5. Information encryption Technology

In order to protect the sensitive data of the website, the application needs to encrypt some data, the Information encryption Technology Section divides into three kinds: one-way hash encryption, symmetric encryption and asymmetric encryption .

5.1 One-way hash encryption

One-way hash encryption means that a fixed-length output is obtained by hashing the information of different input lengths, and the hash calculation process is unidirectional, as shown in.

The general purpose of one-way hash encryption is the encryption of the user's password, so that the password is not reversible to the database, even if the database information leaks, the attacker can not know what the original password is.

The common one-way hashing algorithm has MD5, SHA and so on.

5.2 Symmetric encryption

That is, both encryption and decryption use the same key, as shown in:

The commonly used symmetric encryption algorithm has DES algorithm, RC algorithm and so on.
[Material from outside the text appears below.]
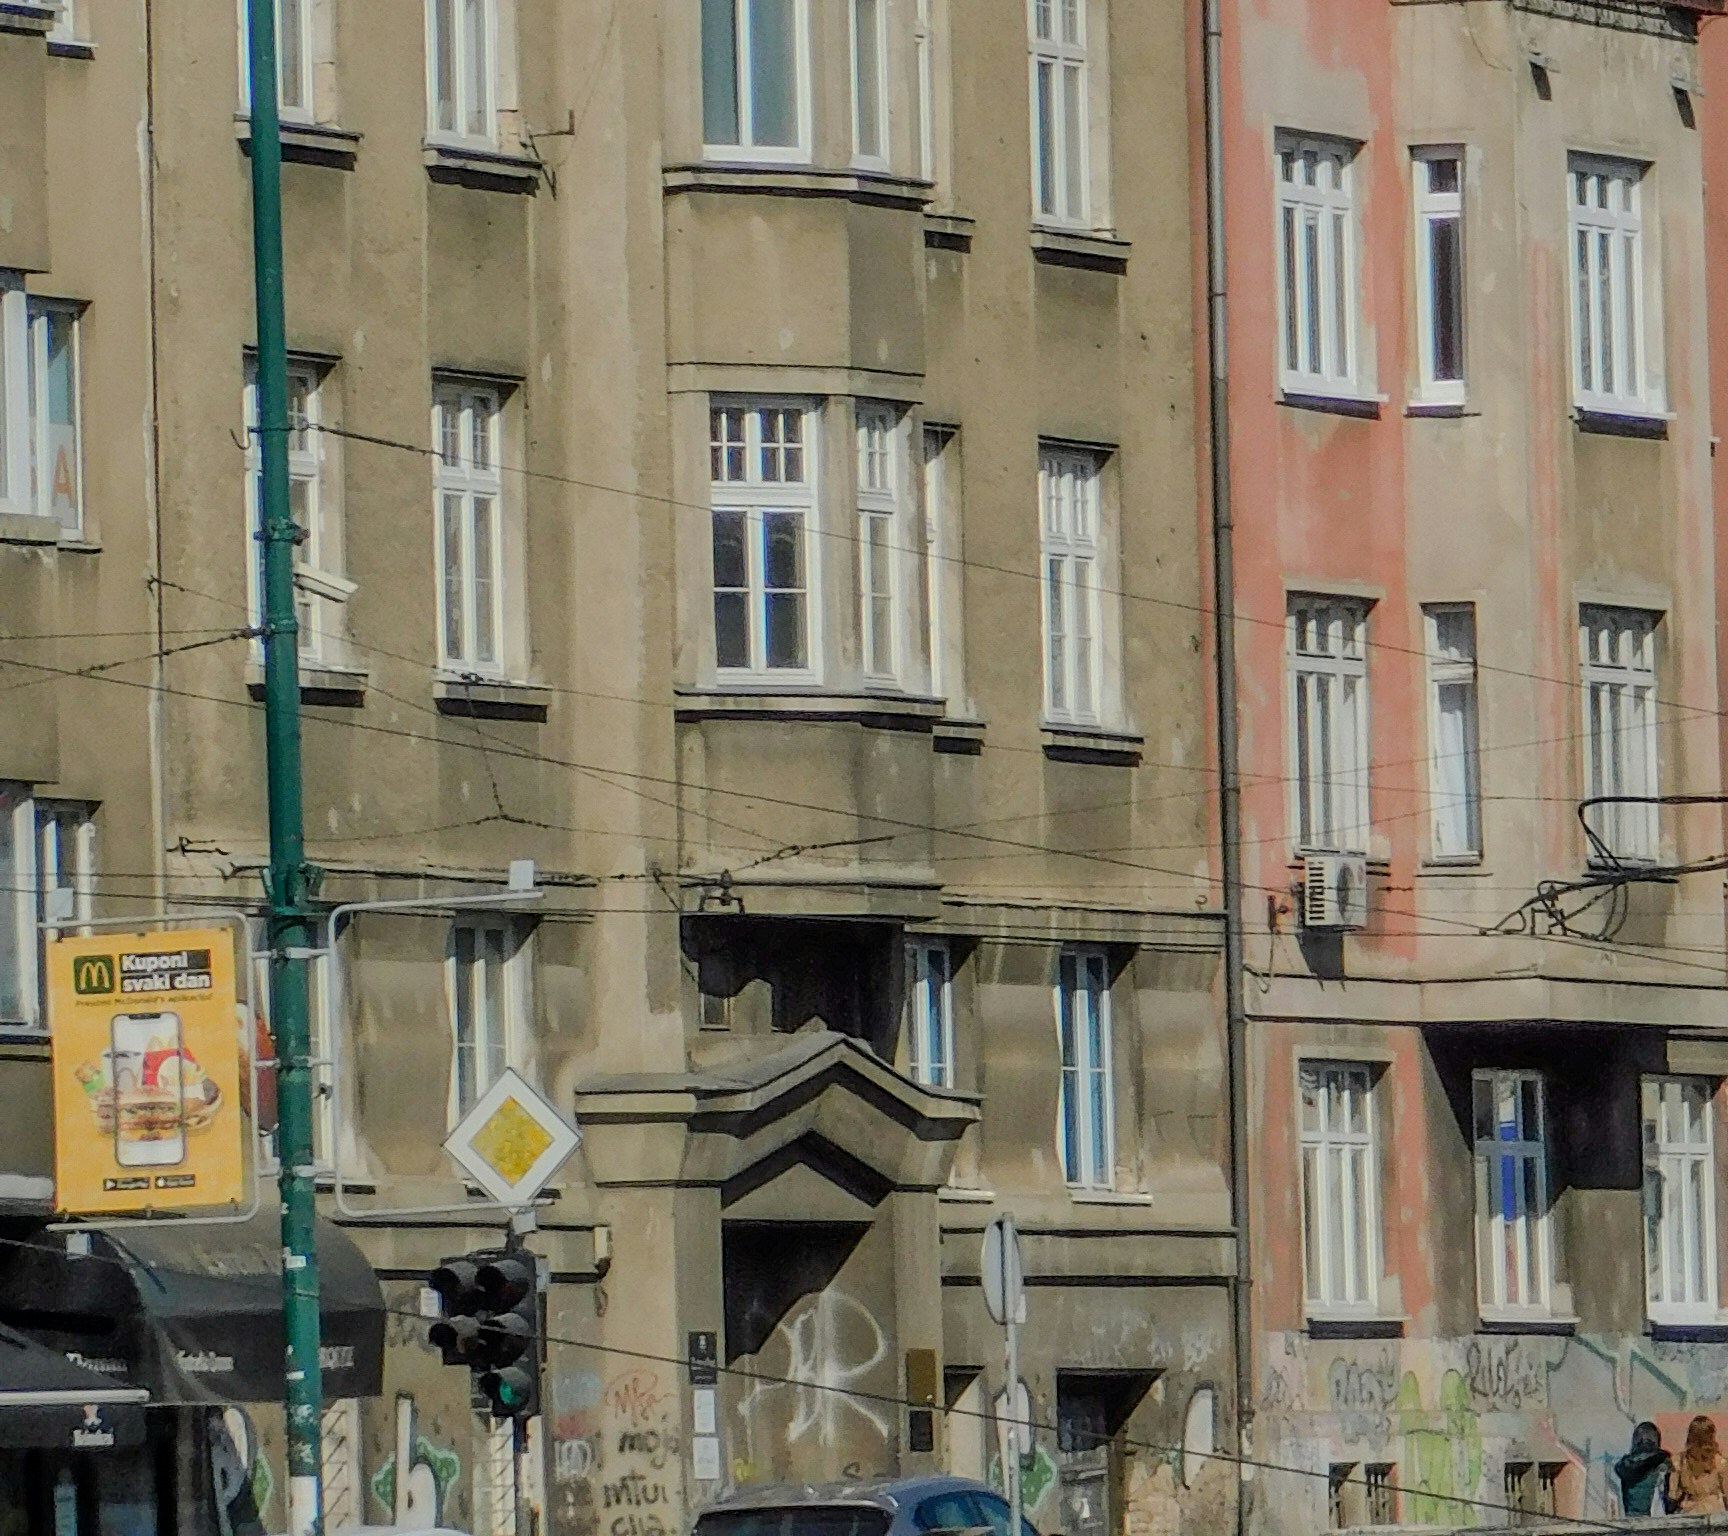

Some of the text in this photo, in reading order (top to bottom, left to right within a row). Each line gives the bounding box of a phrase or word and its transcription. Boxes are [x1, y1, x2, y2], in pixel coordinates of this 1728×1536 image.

[122, 951, 188, 971] Kuponi
[122, 972, 211, 992] svaki dan
Symmetric encryption is a traditional means of encryption, but also the most commonly used encryption means, suitable for most occasions.

5.3 Asymmetric Encryption

The encryption and decryption used by asymmetric encryption are not the same key, one of which is exposed to the outside world, becomes the public key, and the other is known only to the owner, and is called the private key. The information encrypted with the public key must be solved with the private key, anyway, the information encrypted with the private key can only be solved with the public key, as shown in:

The common algorithms for asymmetric encryption are RSA and so on. the digital certificate used by the browser in HTTPS transmission is essentially an asymmetric public key that is authenticated by an authoritative authority.